50 billion dollars were spent in a year on sleep aids and people are having more and more difficulty with sleep, whether getting to sleep, staying asleep, or just waking up much too early.
Our microbiome produces and releases many sleep influencing neurotransmitters such as dopamine, serotonin, GABA, and Melatonin. These are produced in our brain, but the bulk is produced in our gut, so if our microbiota are not in good shape neither is our brain. Our sleep will be disturbed and that makes our brain even less functional.
Poor sleep affects our gut. We can get a significant decrease in types of beneficial bacteria. A decrease in insulin sensitivity. We can experience a cognitive decline. A lack of sleep intensifies anger and impairs adaptation to frustrating circumstances.
Sleep disorder impacts addictive disorders, alcohol, marijuana, illicit drug use. It leads to higher rates of mood disorders such as anxiety. Those with insomnia are 55% more likely to abuse alcohol.
Sleep depravation creates lower pain threshold, learning disorders, seizures, and an increased incidence and progression of cancer.
Zeitgebers are nature’s alarm clocks-both biologically and etymologically. The word zeitgeber derives from a combination of two German terms, Zeit, which means “time,” and Geber, which means “giver”-so a zeitgeber is literally a “time giver.” In nature, zeitgebers tend to be cyclic or recurring patterns that help keep the body’s circadian rhythms operating in an orderly way. For plants and animals, the daily pattern of light and darkness and the warmer and colder temperatures between day and night serve as zeitgebers, cues that keep organisms functioning on a regular schedule. For humans, societally imposed cycles, such as the schedule of the work or school day and regular mealtimes, can become zeitgebers as well.

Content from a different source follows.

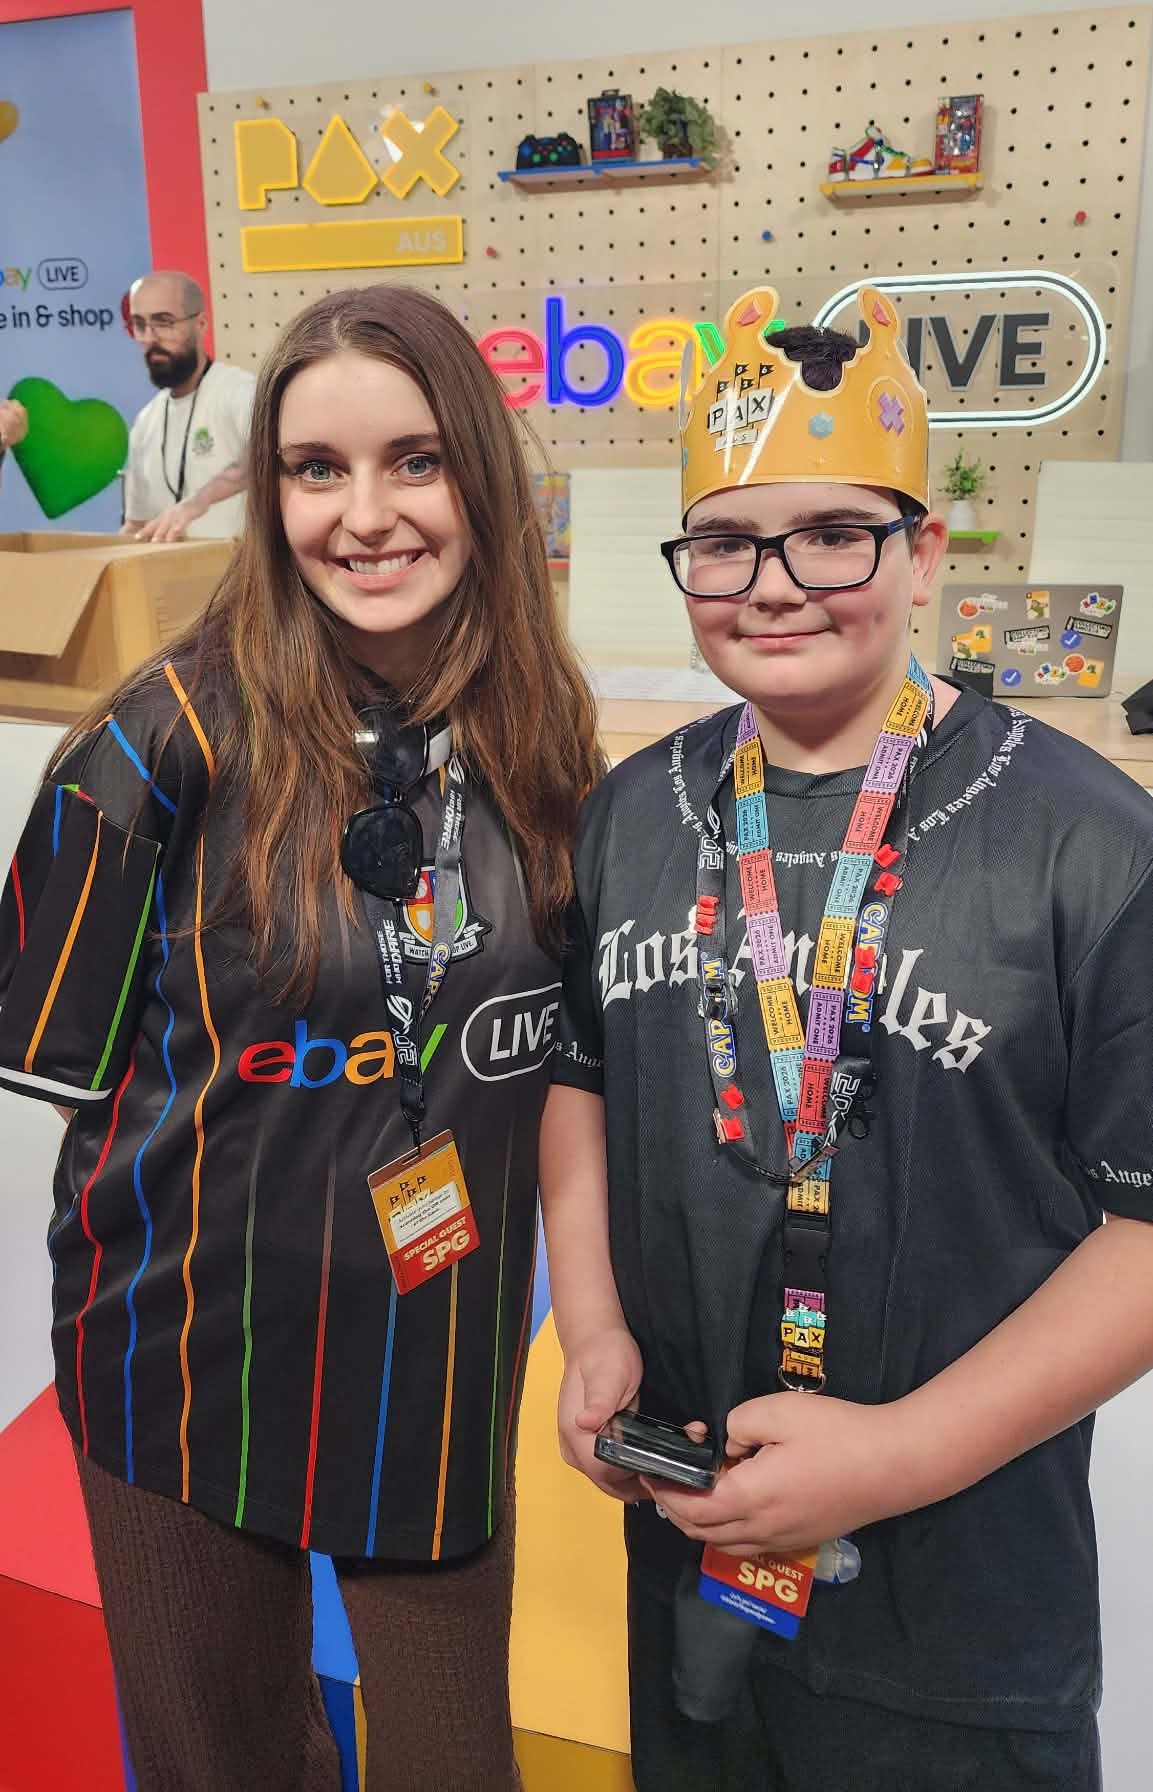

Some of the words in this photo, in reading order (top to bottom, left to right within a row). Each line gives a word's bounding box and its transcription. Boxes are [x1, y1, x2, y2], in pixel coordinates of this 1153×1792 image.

Our Zeitgebers are under attack from modern life. Our natural circadian rhythms are damaged by a multitude of common household items, such as anything that has an LED light. Blue light from computers can really disturb sleep. Just the street light outside creeping through your window is affecting your endocrine system, which is involved in your sleep cycle. We’re supposed to sleep in a dark cave. Your alarm clock is giving off too much light for that to happen.
Worse, it turns out many of those sleeping pills cause dementia over time. I do not have a product to sell. But I am going to take those naps when I feel the urge because if you can’t sleep like me, I figure it is better than no sleep at all. I won’t be surprised that after I post this, an article will come out about how harmful napping is. But most of the world does it, accept for America.